» **WORK ITEM**
Write out, exactly and in full, the records given below, but not their pictures.

» **Images for object localization**
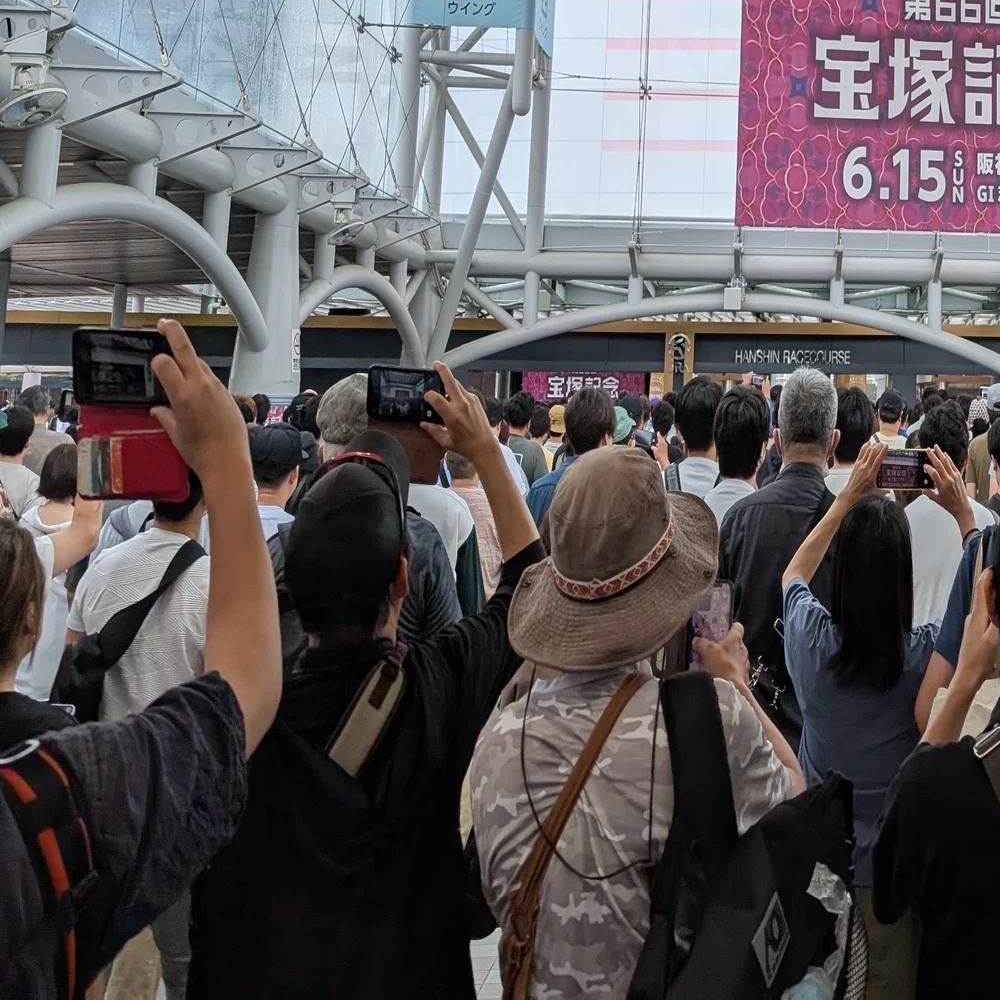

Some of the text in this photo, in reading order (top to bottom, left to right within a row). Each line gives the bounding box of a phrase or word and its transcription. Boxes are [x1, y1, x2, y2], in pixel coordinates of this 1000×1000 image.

[448, 0, 497, 16] ウイング
[842, 146, 947, 202] 6.15
[952, 150, 964, 203] SUN
[735, 349, 851, 364] HANSHIN RACECOURSE

» **WRITTEN SOLUTION**
Some of the text in this photo, in reading order (top to bottom, left to right within a row). Each line gives the bounding box of a phrase or word and its transcription. Boxes are [x1, y1, x2, y2], in pixel coordinates of this 1000×1000 image.

[448, 0, 497, 16] ウイング
[842, 146, 947, 202] 6.15
[952, 150, 964, 203] SUN
[735, 349, 851, 364] HANSHIN RACECOURSE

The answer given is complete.